Riyadh, Saudi Arabia:

The Saudis prepared for a value-added tax tripling on Wednesday, another unpopular austerity measure after the two coronavirus shocks and falling oil prices triggered the kingdom’s worst economic decline in decades.

Retailers across the country reported a strong increase in sales this week of everything from gold and electronics to cars and building materials, with buyers looking to source before VAT is raised to 15%. .

The rise could arouse public resentment as it weighs on household incomes, driving up inflation and depressing consumer spending as the kingdom emerges from a three-month deadlock against coronaviruses.

“Cuts, cuts, cuts everywhere,” a Saudi teacher in Riyadh told AFP, lamenting the disappearance of subsidies as wages stagnated.

“Air conditioner, television, electronic items,” he said, listing a list of items he bought last week before the VAT hike.

“I can’t afford these things from Wednesday.”

With its vast oil wealth funding the largest economy in the Arab world, the kingdom has been able for decades to finance massive spending without any taxes.

It only introduced VAT in 2018, as part of a campaign to reduce its dependence on gross income.

Then, seeking to consolidate the public finances hit by the fall in oil prices and the coronavirus crisis, she announced in May that she would triple the VAT and end a monthly allowance for the cost of living for citizens.

The surge in austerity underscores how formerly lavish spending by Saudi Arabia has become a thing of the past, with the erosion of the social protection system that leaves a predominantly young population to face reduced incomes and a deterioration of the mode of life.

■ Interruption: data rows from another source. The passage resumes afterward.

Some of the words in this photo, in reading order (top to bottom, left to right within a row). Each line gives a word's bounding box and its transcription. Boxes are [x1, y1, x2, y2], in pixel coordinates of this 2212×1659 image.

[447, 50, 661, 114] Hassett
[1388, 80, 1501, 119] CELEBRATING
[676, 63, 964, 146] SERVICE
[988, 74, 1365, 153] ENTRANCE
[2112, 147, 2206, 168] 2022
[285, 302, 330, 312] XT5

This could strain a decades-old social contract that gave citizens generous grants and scholarships in exchange for their loyalty to the absolute monarchy.

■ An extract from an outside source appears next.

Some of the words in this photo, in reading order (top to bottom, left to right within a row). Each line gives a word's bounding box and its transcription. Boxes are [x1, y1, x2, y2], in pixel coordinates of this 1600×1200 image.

Rising cost of living may prompt many to wonder why public funds are invested in multi-billion dollar projects and assets abroad, including the proposed purchase of the English football club Newcastle United.

“Austerity measures bite”

Kingdom’s malls have drawn large crowds in recent days, with retailers offering “sales before VAT” and discounts before the hike begins.

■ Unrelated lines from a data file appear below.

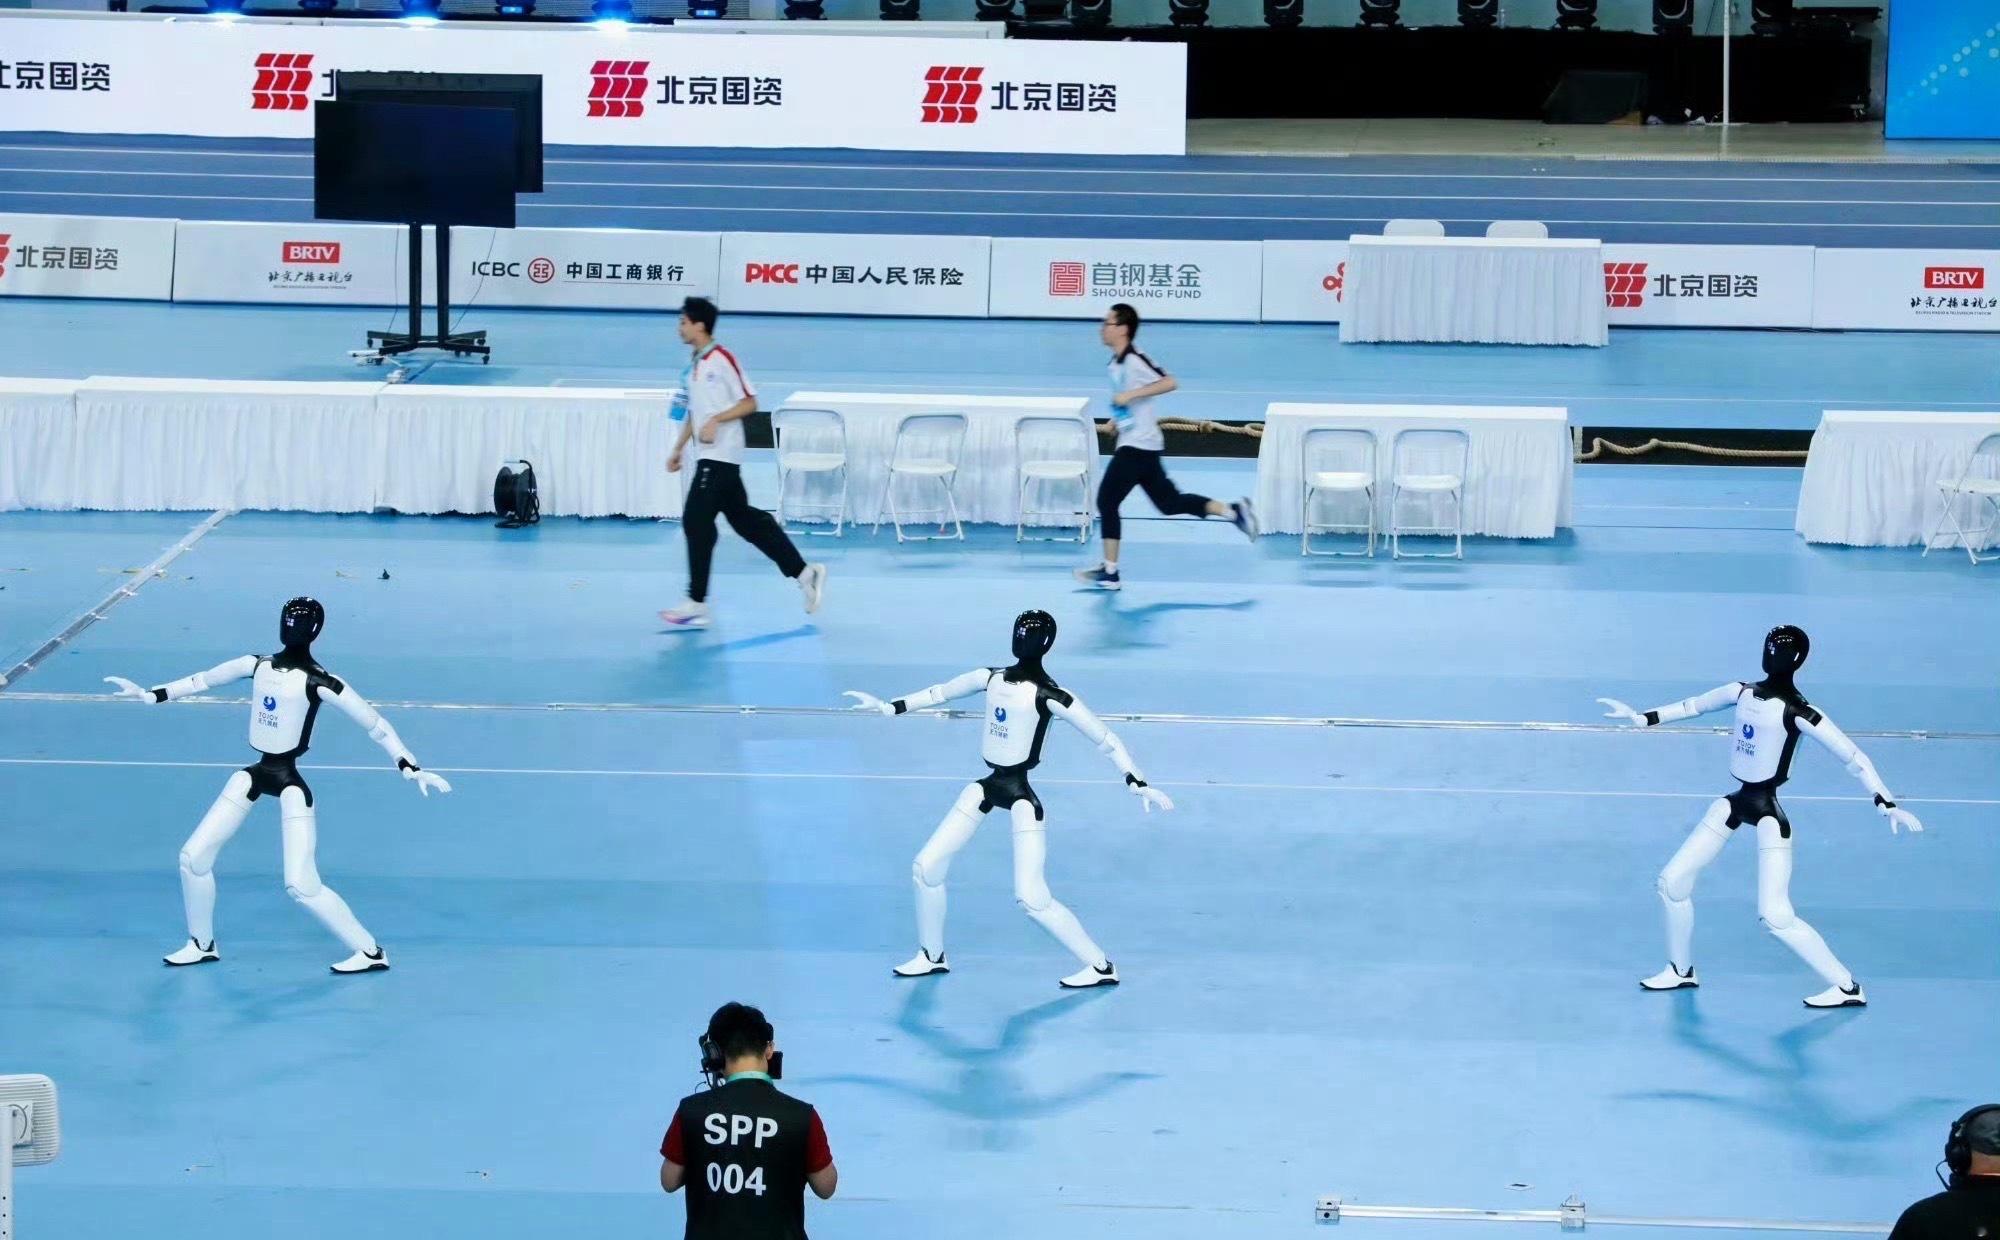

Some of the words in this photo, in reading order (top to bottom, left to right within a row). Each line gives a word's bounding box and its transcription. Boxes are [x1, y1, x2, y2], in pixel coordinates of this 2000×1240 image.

[656, 75, 782, 106] 北京国资
[990, 81, 1117, 112] 北京国资
[15, 245, 118, 270] 北京国资
[288, 245, 336, 260] BRTV
[471, 261, 521, 277] ICBC
[745, 263, 799, 284] PICC
[805, 264, 964, 286] 中国人民保险
[1091, 262, 1201, 288] 首钢基金
[1931, 271, 1979, 286] BRTV
[1091, 288, 1163, 298] SHOUGANG
[1167, 289, 1201, 299] FUND
[1653, 274, 1758, 298] 北京国资
[703, 1112, 779, 1149] SPP
[706, 1161, 767, 1196] 004

A gold store in Riyadh told AFP that it had seen sales increase by 70% in recent weeks, while a car dealership had seen them increase by 15%.

With the new rate in place, businesses predict sales of everything from cars to cosmetics and appliances will drop.

Capital Economics forecasts that inflation will climb to 6% year-on-year in July, up from 1.1% in May.

“The government ended the country’s foreclosure (in June) and there are signs that economic activity has started to recover,” Capital Economics said in a report.

“Nevertheless, we expect the recovery to be slow as the fiscal austerity measures bite.”

The kingdom is also likely to lose its advantage vis-à-vis the other Gulf States, including its main ally the United Arab Emirates, which introduced the VAT at the same time but have so far refrained from raising it above 5% .

“Saudi Arabia is taking huge risks with restrictive fiscal policies,” said Tarek Fadlallah, managing director of the Middle East unit at Nomura Asset Management.

But the kingdom has little choice as oil revenues decline.

Its finances took another hit as authorities massively reduced this year’s hajj pilgrimage from 2.5 million pilgrims last year to around a thousand already in the interior of the country, and suspended the small umbrella because of the coronavirus.

Together, the rites bring in some $ 12 billion a year.

The International Monetary Fund has warned that the kingdom’s GDP will drop 6.8% this year – its worst performance since the oil glut of the 1980s.

The austerity campaign would increase state coffers by 100 billion riyals ($ 26.6 billion), according to state media.

But the measures are unlikely to fill the kingdom’s huge budget deficit.

The Saudi Jadwa Investment Group predicts that the deficit will reach a record $ 112 billion this year.

(With the exception of the title, this story was not edited by GalacticGaming staff and is published from a syndicated feed.)